Experimental program
Comparison scheme
Effect test

example 2

The results of various tests conducted on hot drink cups formed from paperboard formed in Example 1 will now be described. The thermal resistance or thermal insulative properties of the paper were calculated in terms of "hold time," which is defined as the amount of time before a temperature of 128.degree. F. is obtained at the outer surface of a hot drink cup filled with liquid at about 190.degree. F. The results are depicted in the graph of FIG. 7 and show that the ability to hold a hot drink cup without discomfort increases as a function of increased addition of expandable microspheres.
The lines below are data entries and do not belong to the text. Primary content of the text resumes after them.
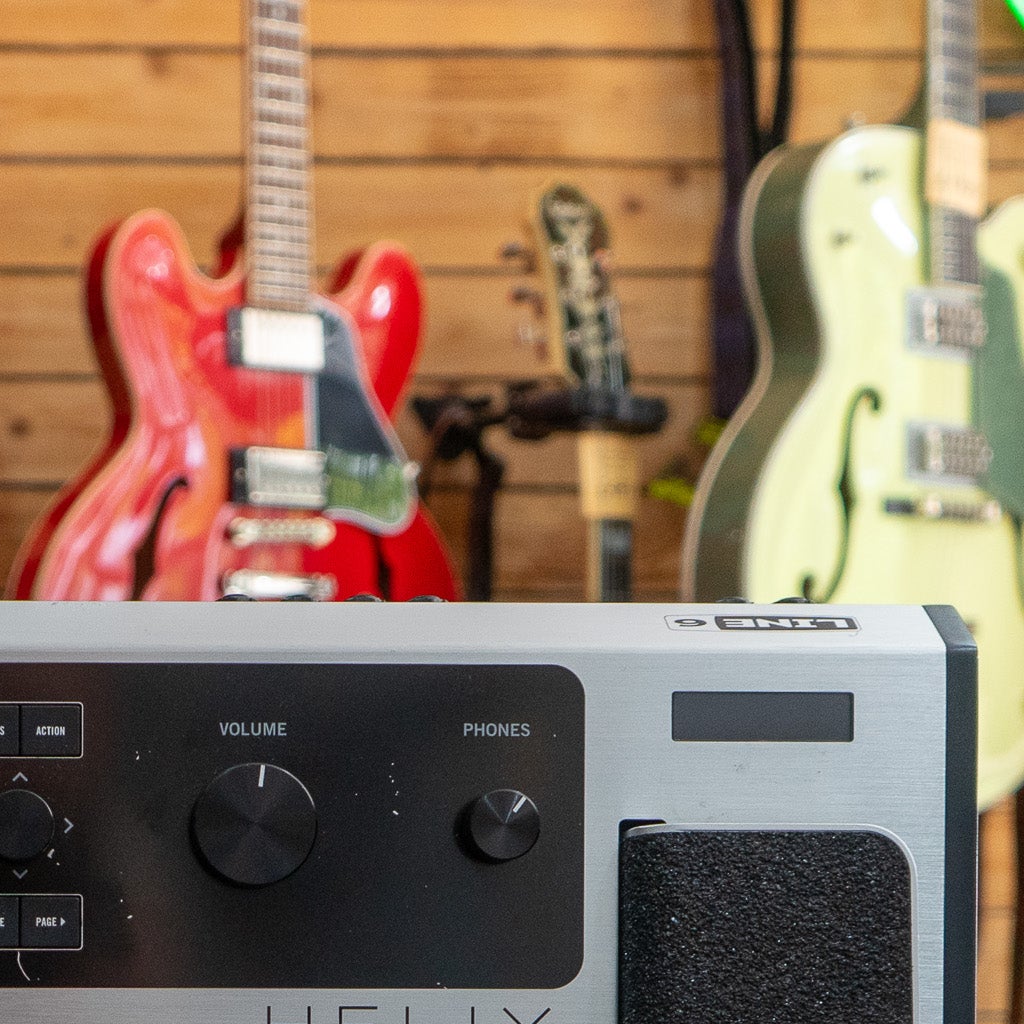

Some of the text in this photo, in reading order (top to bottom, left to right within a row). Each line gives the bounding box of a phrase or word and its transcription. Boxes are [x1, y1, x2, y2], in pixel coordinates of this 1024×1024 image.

[674, 617, 854, 629] LINE 6
[35, 726, 66, 737] ACTION
[219, 722, 287, 737] VOLUME
[463, 723, 531, 737] PHONES
[35, 917, 57, 928] PAGE
FIG. 8 shows the relationship of hold time to the density of the paperboard used to make the hot drink cup of the present invention. As seen there, the lower fiber densities resulting from higher proportions of added expandable microspheres are generally associated with longer hold times. Useful cups have a hold time of at least 30 seconds in the temperature range of 140.degree. F.-145.degree. F. ...

example 3

In this example, microsphere distribution in bulk-enhanced paperboard prepared as in Example 1 was compared visually to microsphere distribution in a commercial microsphere enhanced paperboard. They were then examined under .times.300 and .times.400 magnification and microphotographs were taken. Representative microphotographs are reproduced as FIGS. 3 and 4 with equal outer, middle, and inner regions A, B, C and A', B', C' indicated in dotted lines added to the photographs for comparison purposes.
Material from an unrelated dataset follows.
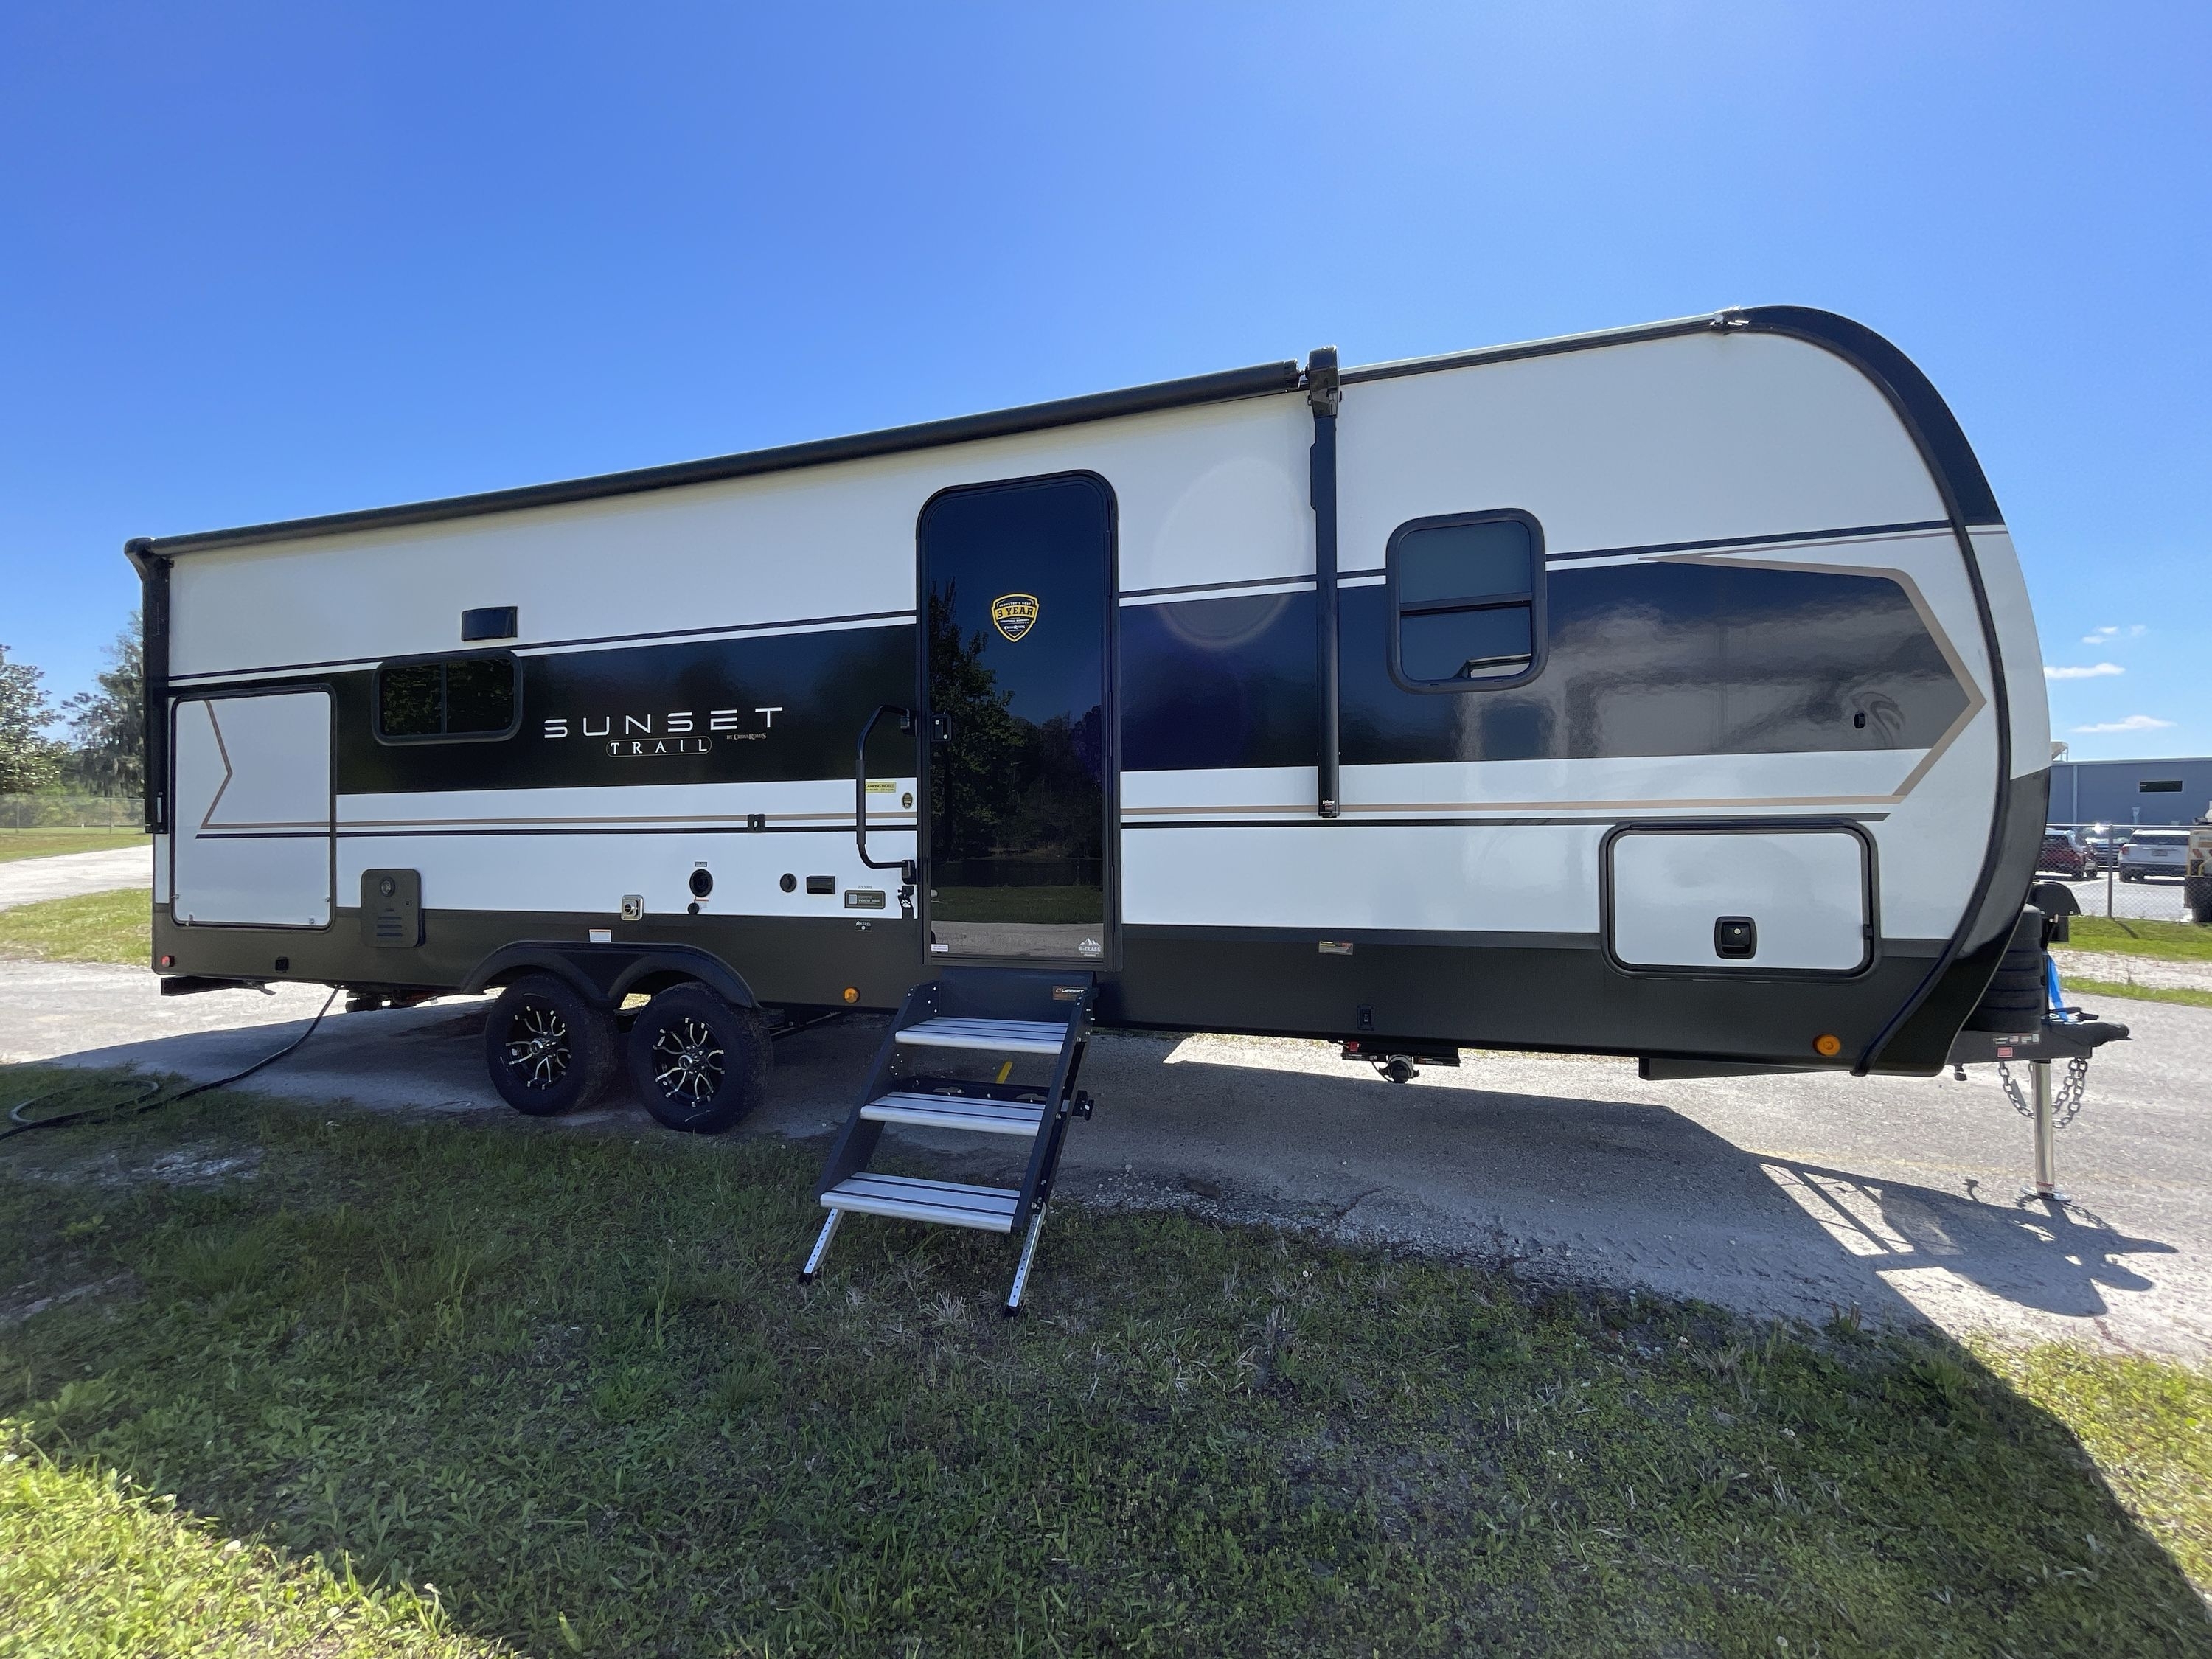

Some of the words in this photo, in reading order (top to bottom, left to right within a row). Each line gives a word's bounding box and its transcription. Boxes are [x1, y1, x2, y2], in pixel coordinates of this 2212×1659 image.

[997, 609, 1004, 618] 3
[1006, 607, 1033, 616] YEAR
[543, 706, 783, 739] SUNSET
[610, 739, 708, 755] TRAIL
FIG. 3, which shows paperboard prepared as in Example 1, at an .times.300 magnification reveals 7 microspheres in outer region A, 8 microspheres in middle region B, and 9 microspheres in bottom region C. In contrast, FIG. 4 at .times.400 magnification shows that the commercial prior art product had 31 microspheres in outer region A', 7 microspheres in middle region B', and 8 microspheres in bottom region C'.

example 4

These examples were carried out to determine the effect of the expandable microspheres on bulk properties of the paperboard web. This example sets forth the general procedure for carrying out the manufacture of paperboard utilizing different bulk additives and different retention aids. The manufacturing procedure is illustrated in FIG. 29. In subsequent examples specific variations are set forth.

Hardwood Kraft (80) and Softwood Kraft (81) lap pulps (in the ratio of 75%:25%) were pulped and refined together using a Jordan refiner to a Canadian Standard Freeness of 515, pumped to the mix chest (83) and stored in the machine chest (84). Alum (85) was added to the stock and the pH was adjusted to pH 4.8 using sulfuric acid (86) and then rosin size (87) was added. This stock was pumped to the stuff box (88) and then starch (89) and retention aid (90) were added to the stock at the down leg of the stuff box. This stock was then pumped via the fan pump (92) to the headbox of the paper mach...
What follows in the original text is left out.